Said one OA member to another this week, “life is jigsaw puzzle, isn’t it?” It sure seems like one. Indeed, this is a wonderful metaphor for recovery.
While we’re eating compulsively, it’s as though we’re working on several different puzzles at once. We’re trying to figure out our food. We’re trying to manage our relationships. We’re trying to manage our fear. We’re trying to get life to go our way. We’re trying to change as we simultaneously try to keep everything around us the same.

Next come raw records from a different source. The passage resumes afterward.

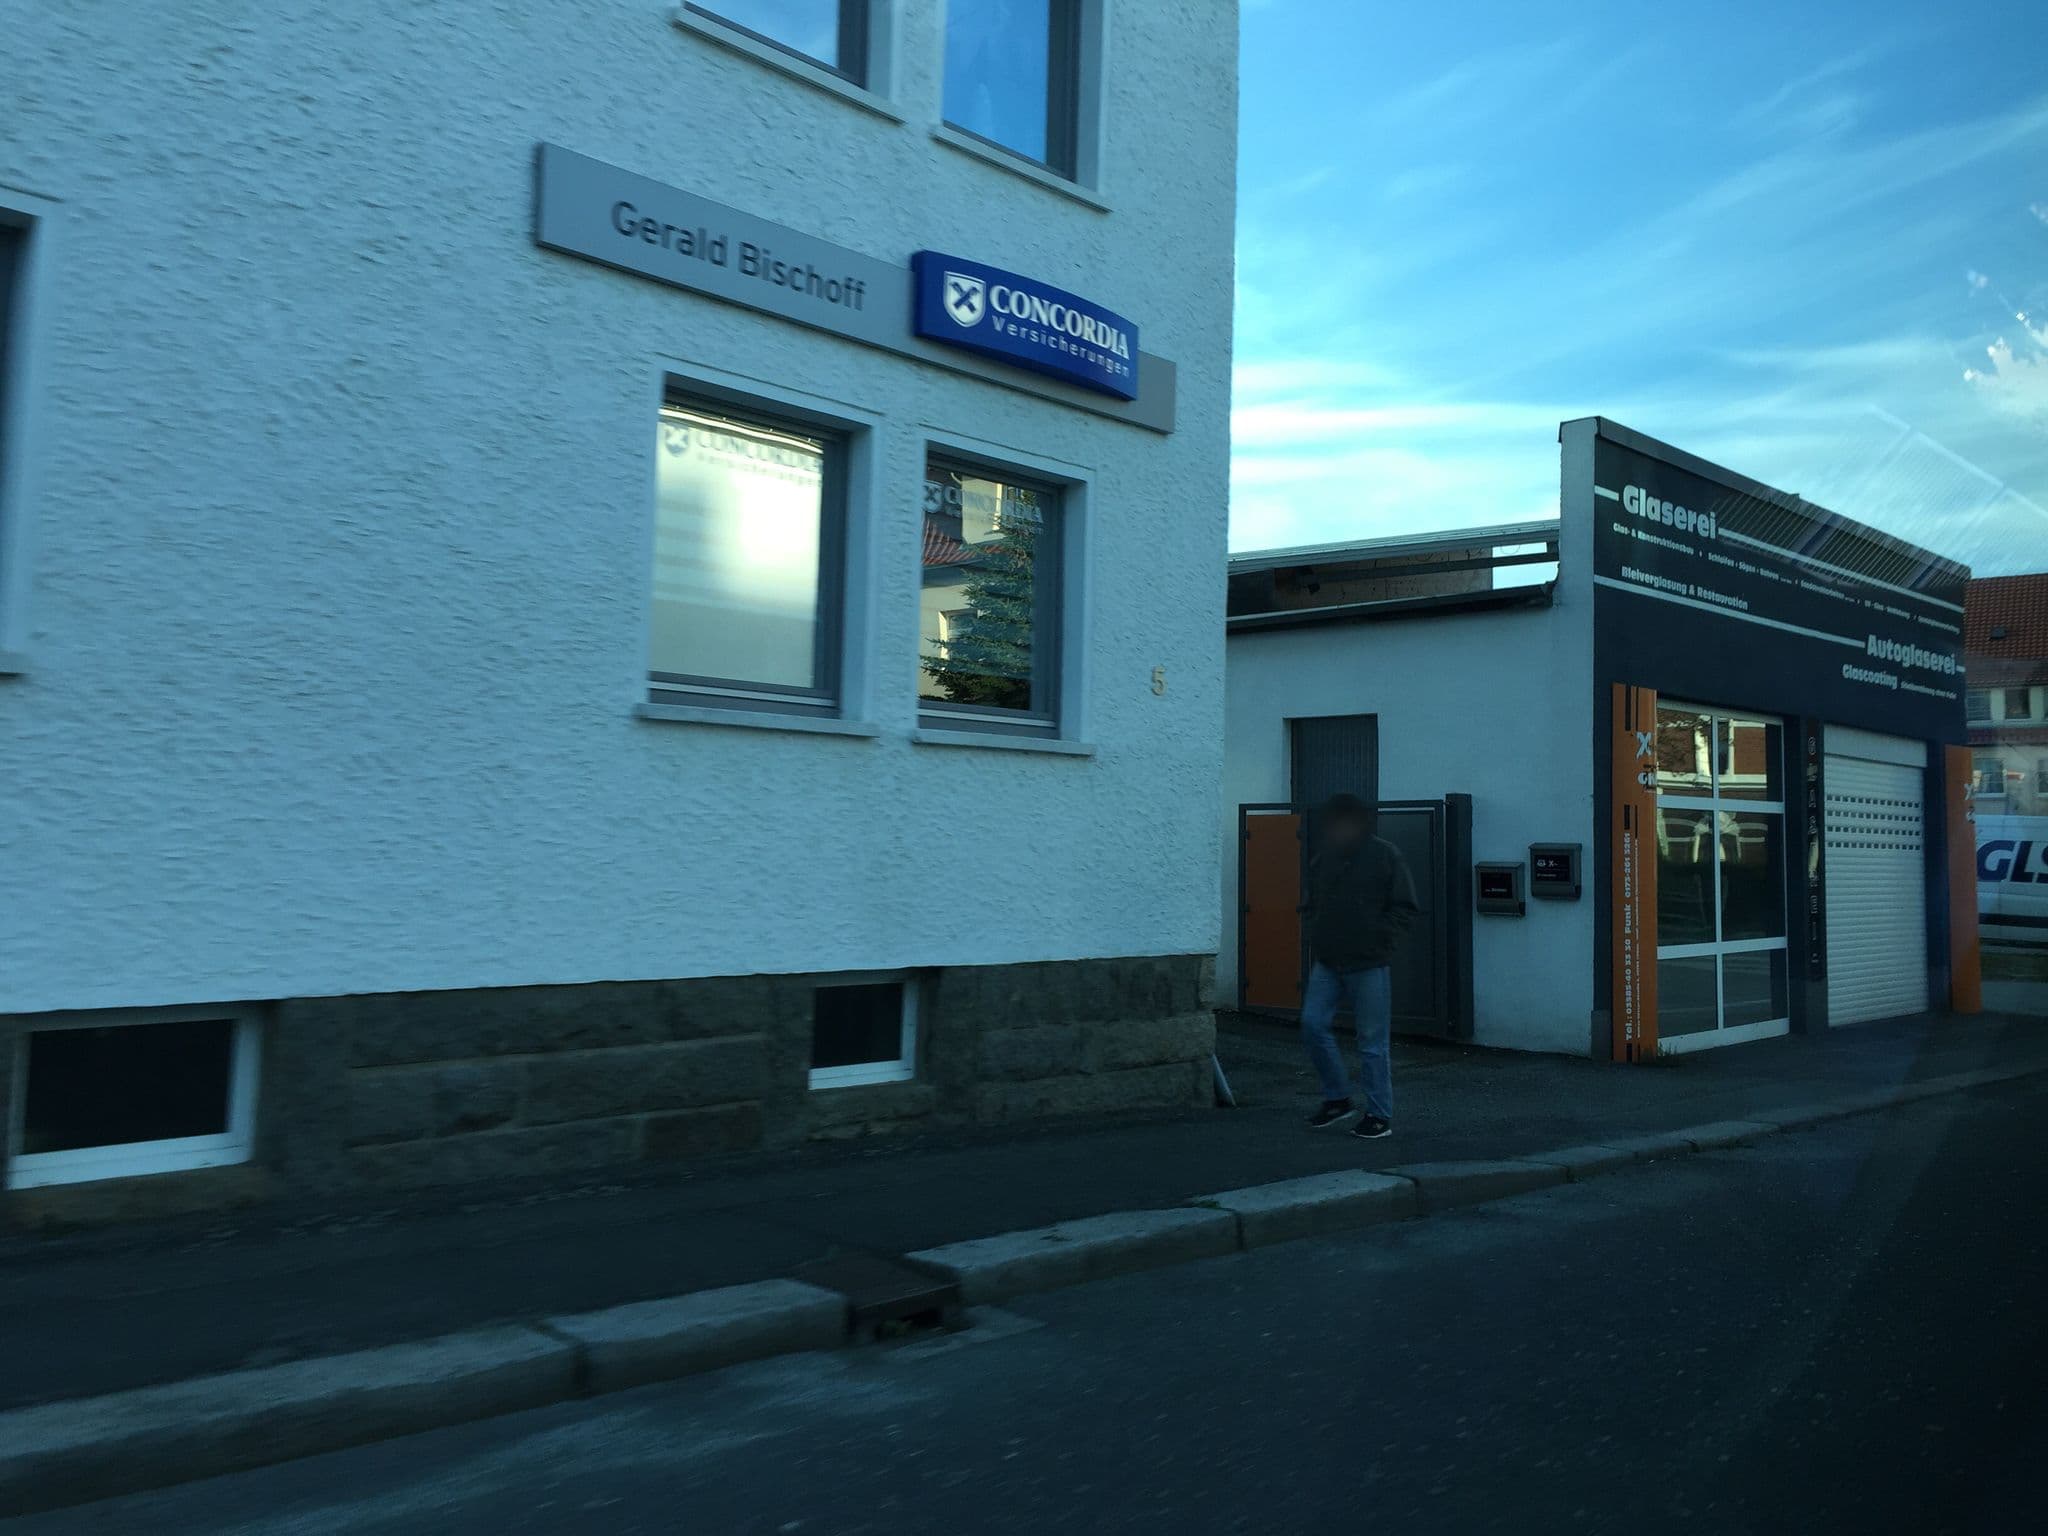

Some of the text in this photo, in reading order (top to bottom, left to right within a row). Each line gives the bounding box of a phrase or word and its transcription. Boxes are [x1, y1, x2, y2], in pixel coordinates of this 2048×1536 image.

[611, 200, 867, 312] Gerald Bischoff
[990, 284, 1130, 361] CONCORDIA
[992, 314, 1130, 378] Versicherungen
[1623, 484, 1717, 540] Glaserei
[1621, 566, 1749, 611] Bleiverglasung & Restauration
[1842, 664, 1898, 690] Glascoating
[1867, 634, 1956, 676] Autoglaserei
[1151, 664, 1168, 697] 5

None of these are going well. We suspect that someone (perhaps even us) has lost some of the pieces. Or that the pieces are miscut. We wonder if maybe the images on the pieces don’t actually match the box. Pieces from the other puzzles somehow snuck into one another’s puzzle’s boxes. Worst of all, the number of pieces in the puzzle keeps getting bigger and bigger; what once was a 100-piece puzzle with big pieces is now a 10,000 piece puzzle with pieces that practically require tweezers to handle.
For each of the different puzzles, we can’t seem to find one single strategy that works for each of them. We try assembling the border first. Or grouping pieces by color or the sector in the puzzle we suspect they belong to. We put all the same shaped pieces in a pile. We keep them all in their box, or we scatter them face up on the puzzle table. But we just can’t seem to make any headway. Oh, we might get a little block of the final image complete, but then the image changes!
As we engage in OA’s program of recovery, we start to get somewhere. As we use the Tools of Recovery to get our food in order, we find all of the straight-edged border pieces and define the scope of the problem. We finally have some boundaries around food, and we feel relief. Once we accept that our lives are unmanageable, we also start to see that all of those puzzles were really just one all along. Phew!
But until we do the Steps, the solution eludes us. If we haven’t done the Steps, we still only have the border of the puzzle. But the whole image remains mostly blank inside, and it will stay that way without further spiritual action on our part. So we do the unthinkable: We turn our will and lives over to the care of a Higher Power.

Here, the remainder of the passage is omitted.